Maya's heart hammered against her ribs as she stood outside Tyler's house. The bass from inside vibrated through the soles of her Converse. This was it — her first real high school party.

"You got this," her best friend Chloe said, adjusting her crop top. "Just act normal."

Normal. Right. Maya's palms were sweating and she could feel something stuck between her front teeth. Probably the spinach from that "healthy" smoothie her mom had made her drink for "energy." Whatever.

Inside, the air smelled like cheap body spray and desperation. Tyler caught her eye across the room and crooked a finger. Her stomach did this embarrassing flutter thing that had nothing to do with the party snacks.

"Maya!" He materialized through the crowd, all basketball varsity jacket and easy confidence. "Glad you made it."

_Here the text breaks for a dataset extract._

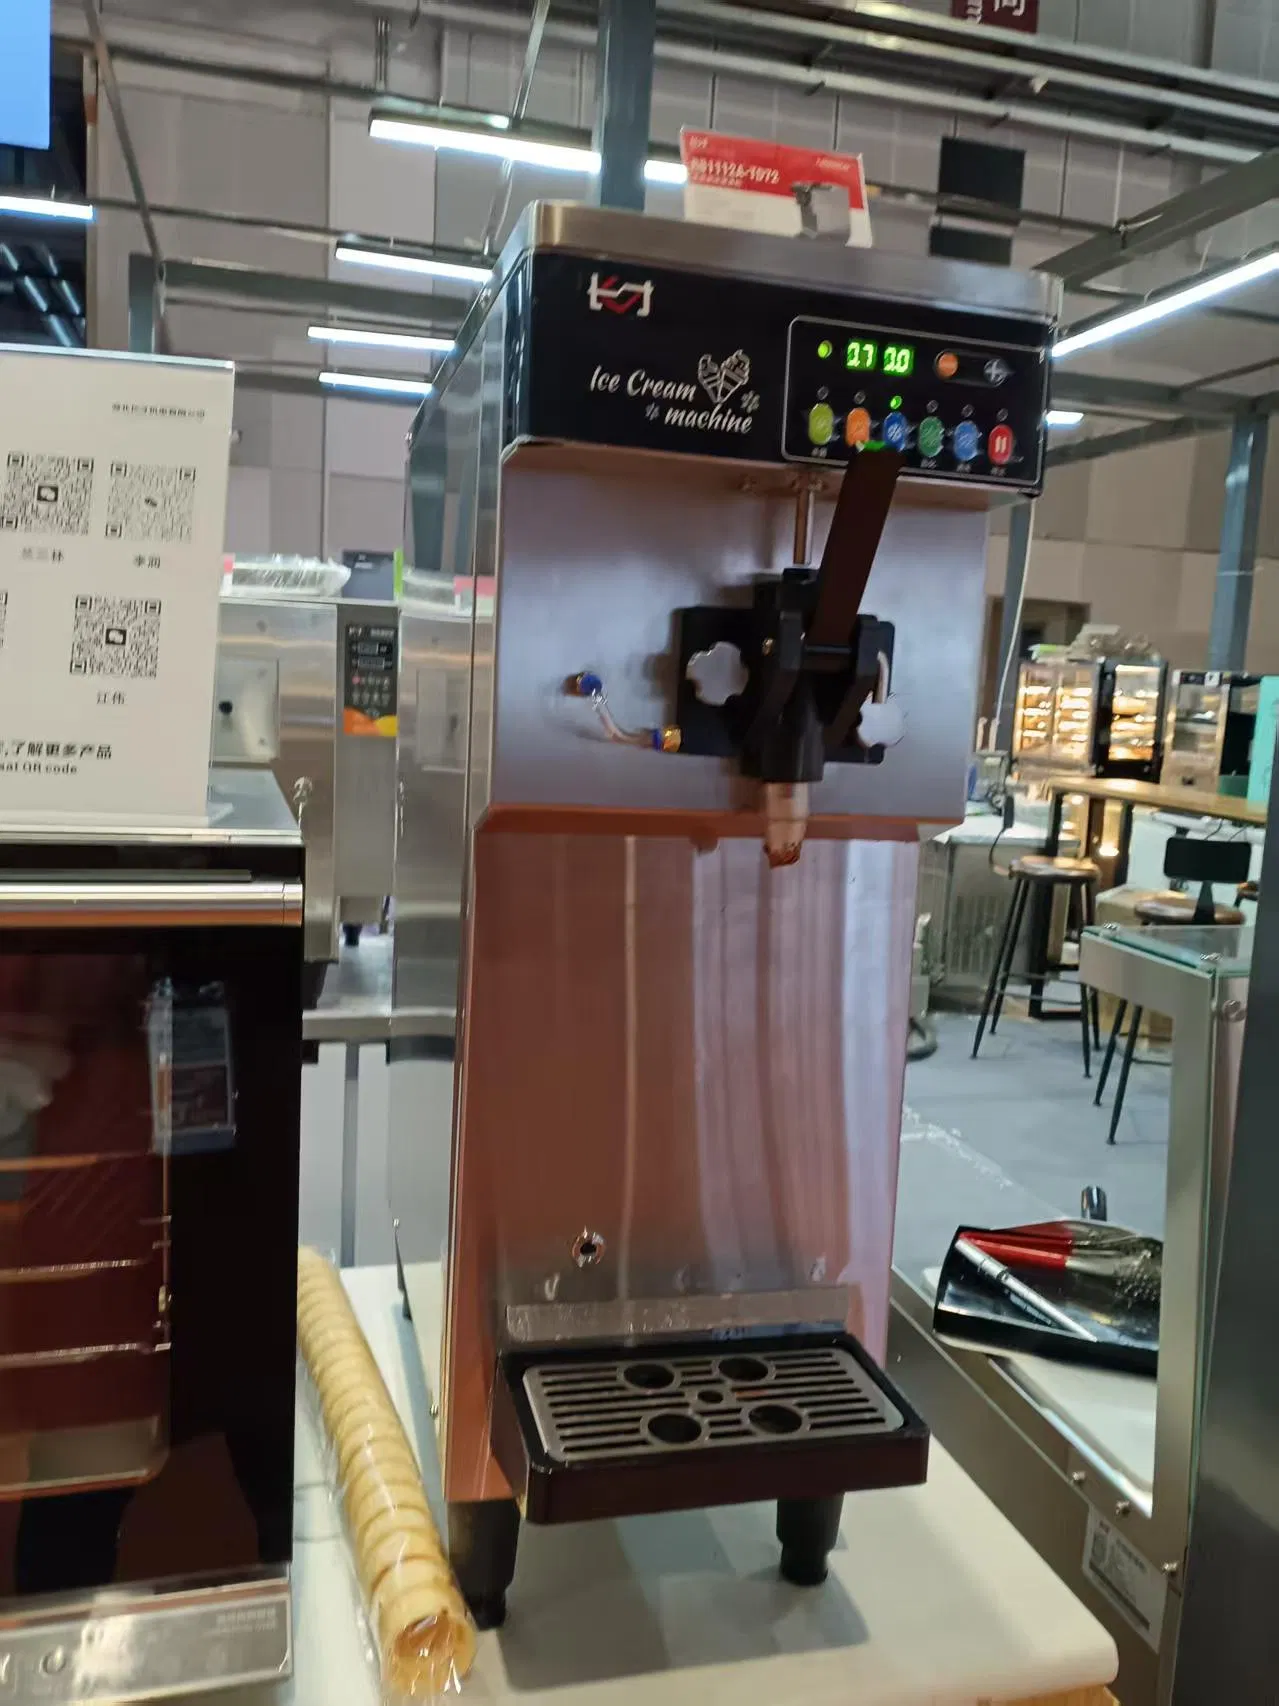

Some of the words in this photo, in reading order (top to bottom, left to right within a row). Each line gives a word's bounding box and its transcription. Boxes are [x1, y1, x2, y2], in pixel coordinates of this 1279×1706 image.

[589, 364, 621, 394] Ice
[626, 368, 698, 402] Cream
[663, 403, 753, 434] machine
[45, 763, 78, 775] code

She opened her mouth to say something cool, something effortless and mysterious—

"You got something in your teeth," Tyler said, grimacing sympathetically. "Looks like... spinach?"

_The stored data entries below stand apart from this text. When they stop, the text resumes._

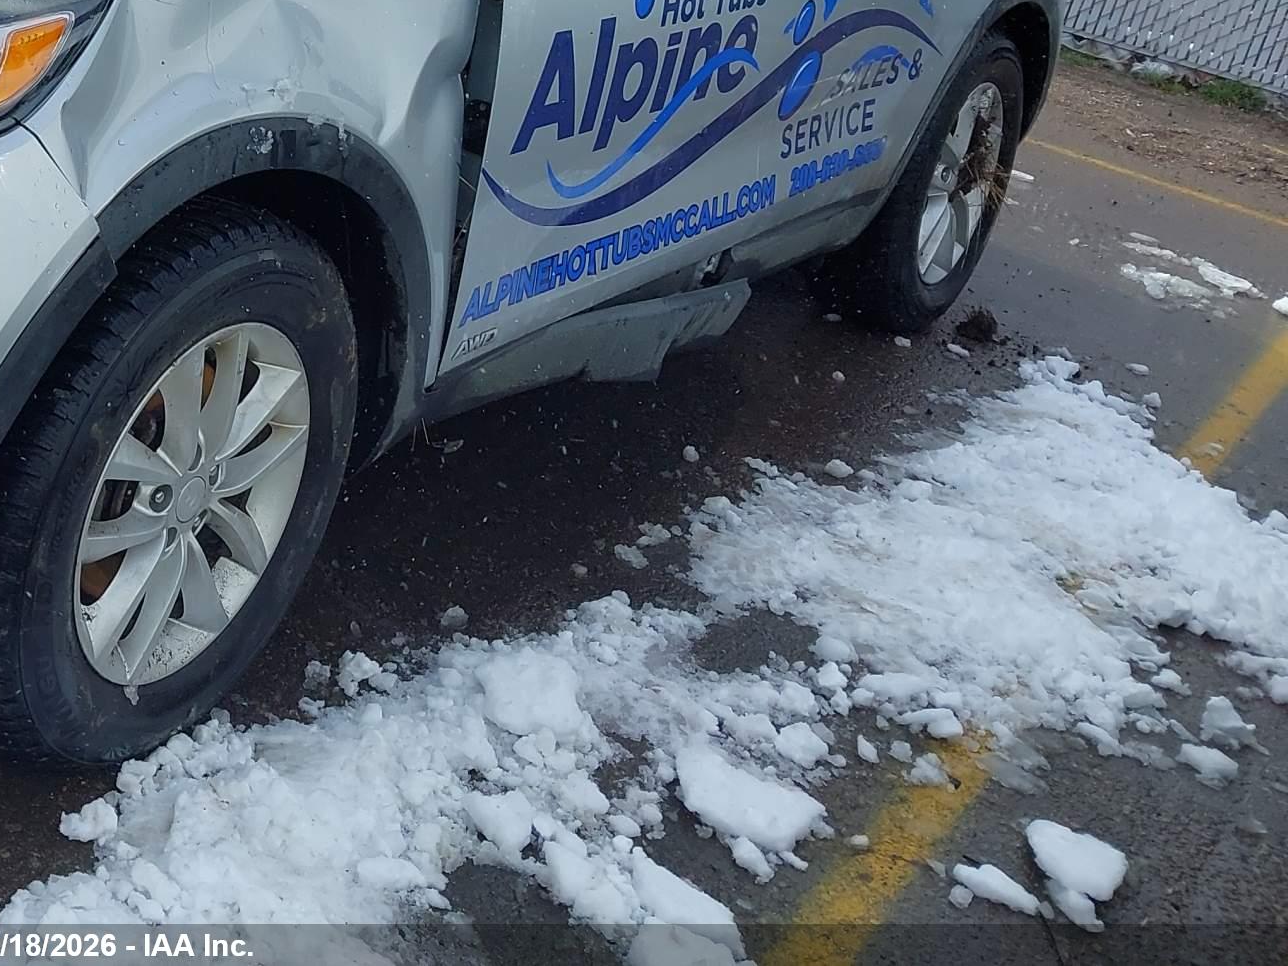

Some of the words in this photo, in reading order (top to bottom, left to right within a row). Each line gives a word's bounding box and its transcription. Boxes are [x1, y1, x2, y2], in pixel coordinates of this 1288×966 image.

[509, 15, 759, 155] Alpine
[908, 48, 924, 81] &
[780, 98, 876, 159] SERVICE
[459, 174, 776, 327] ALPINEHOTTUBSMCCALL.COM
[451, 328, 497, 361] AWD

The room seemed to freeze. Someone snorted. Maya's face burned like she'd swallowed the sun.

"I— uh—"

"Maya!" Chloe appeared out of nowhere, dragging her toward the bathroom. "Emergency!"

The fluorescent lighting revealed a green disaster between her two front teeth. Maya scraped it out with her fingernail, eyes stinging.

"I'm never leaving this bathroom again," she muttered.

"Um, yes you are." Chloe crossed her arms. "Tyler's mechanical bull is set up in the backyard and everyone's doing it. Even Sarah, and she literally fell off the curb yesterday."

"No way."

"Maya." Chloe's voice softened. "Nobody cares about the spinach thing. They're too busy worrying about their own embarrassing moments. You think Tyler didn't throw up in sixth grade when he had to give that presentation?"

Maya stared at her reflection. She looked the same — frizzy curls, slightly too-big nose, the constellation of freckles across her cheeks. But something shifted, like lightning illuminating a dark landscape.

She'd spent fifteen years trying to disappear, trying to be smaller, quieter, less herself. And for what? So she could hide in bathrooms while life happened without her?

"Fine," Maya said, and something like determination sparked in her chest. "But I'm riding that bull until they make me get off."

The backyard was crowded. Tyler operated the mechanical bull, grinning as people tumbled off in thirty seconds flat. When Maya climbed on, her hands were shaking.

"Ready?" Tyler called.

She nodded once.

The bull jerked beneath her. Maya's grip tightened. Around her, people cheered. And then — she wasn't thinking about spinach or coolness or whether Tyler liked her. She was just riding, body moving instinctively with every twist and turn, hair flying, laughing despite herself.

When she finally tumbled into the hay bales, dizzy and breathless, the applause was genuine. Tyler high-fived her.

"You killed it, Spinach Girl," he said, and weirdly, it sounded like a compliment.

Maya lay there staring at the stars, grass poking her back, and realized something: the bull hadn't thrown her. She'd jumped off, into the middle of everything, and she was still here.

Still standing. Still spinning.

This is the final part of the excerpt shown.